Estávamos em férias, mas como eu precisava de aumentar minha renda, fui trabalhar, aproveitando a chance que me surgiu por meio de uma diretora amiga… Os alunos ali, eram adolescentes daqueles que, nenhum professor quer em sala e, por estarem em recuperação e serem menos que uma sala normal, juntos era algo que poucos se atreviam a aceitar a incumbência de ensinar e, lá estava eu, dirigindo de uma cidade a outra, era longe de onde eu morava, mas, fazer o que, eu precisava…  

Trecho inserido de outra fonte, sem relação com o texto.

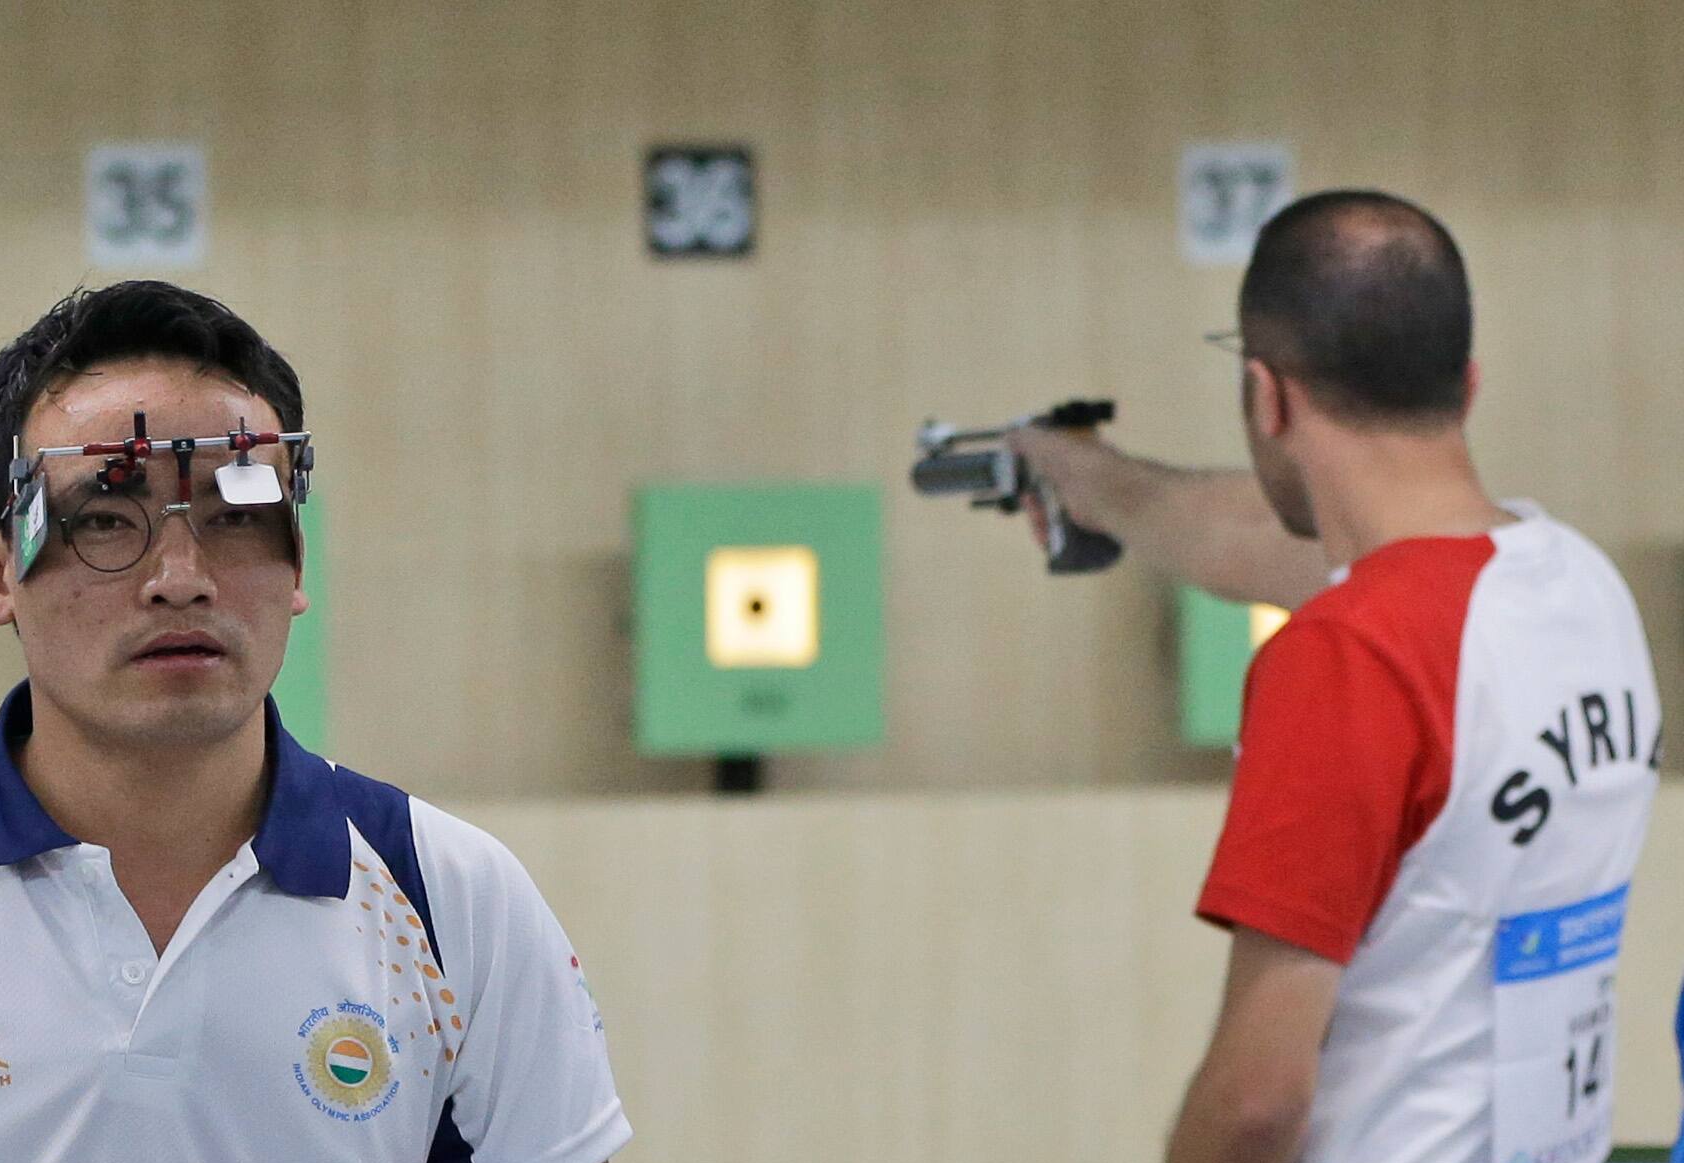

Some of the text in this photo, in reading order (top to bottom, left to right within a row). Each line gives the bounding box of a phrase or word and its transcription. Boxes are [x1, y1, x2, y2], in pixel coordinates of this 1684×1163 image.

[99, 161, 193, 245] 35
[651, 159, 749, 247] 36
[1194, 160, 1283, 242] 37
[293, 1063, 400, 1122] INDIAN OLYMPIC ASSOCIATION

A escola era uma gracinha, um prédio muito bem estruturado e bem administrado, a diretora era esperta e fazia suas negociações de convivência com os "mandantes" da área para que pudesse trabalhar com uma certa Paz, não fosse assim, não teria condições… Chegue e fui logo para a sala!… Já no início do corredor pude ouvir a bagunça e correria no lugar, o que me deixava danada e meu cérebro a maquinar, como trabalhar, eu não estava ali, vinda do meu lar, para não fazer nada ou deixar aluno me comandar, ahhh isso que não!…  

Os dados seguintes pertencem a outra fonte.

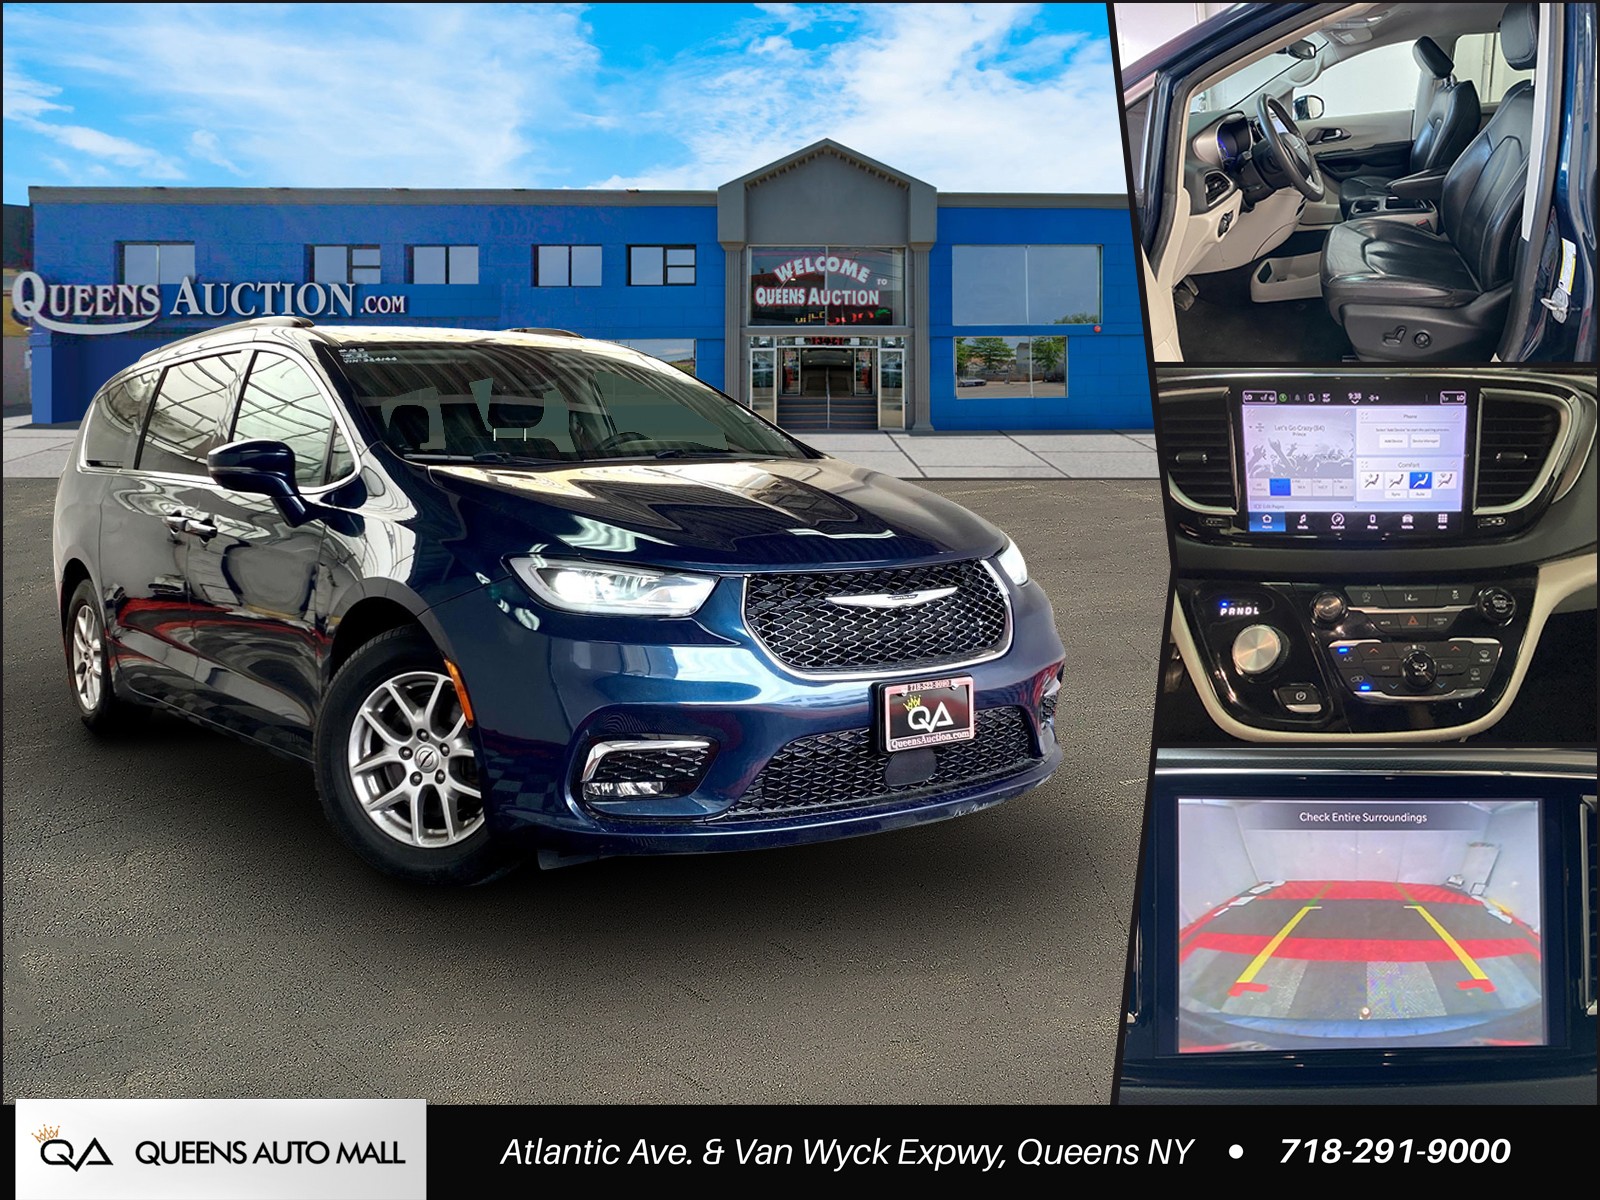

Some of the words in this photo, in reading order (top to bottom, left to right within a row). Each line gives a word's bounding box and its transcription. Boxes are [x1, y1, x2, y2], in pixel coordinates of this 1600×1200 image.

[773, 256, 871, 284] WELCOME
[12, 271, 162, 335] QUEENS
[755, 286, 806, 306] QUEENS
[807, 287, 880, 305] AUCTION
[1298, 425, 1313, 433] Crazy
[891, 731, 970, 749] QueensAuction.com
[1299, 811, 1331, 822] Check
[1332, 812, 1361, 822] Entire
[1362, 812, 1428, 824] Surroundings

Agora, vejam só!… Para vocês terem uma ideia!… Eu, que de uma senhora rabugenta de geografia, não tinha nada, era, sim, uma jovem muito bem da linda, linda com "força", bem vestida e montada num "baita" salto (por ter apenas 1,60 m, fazia questão do mais alto) e era elegantíssima e firme nesse andar no alto e como resultado, até meu chinelo (chinelinho de pelinho, do sul) de andar em casa, era de salto, não conseguia mais

caminhar de outra maneira… Pois bem!… Aquela lindeza de gaúcha do Rio Grande do Sul, bonita e brava, atravessou lentamente o corredor e parou na porta da sala de aula e ali ficou, olhando!… Eu poderia ter ficado ali, a vida inteira, o que eu não faria jamais, era entrar em meio a toda aquela indisciplina, e nisso eu era bem firme, em tudo eu era assim, em todas as relações e vivências, nasci assim!…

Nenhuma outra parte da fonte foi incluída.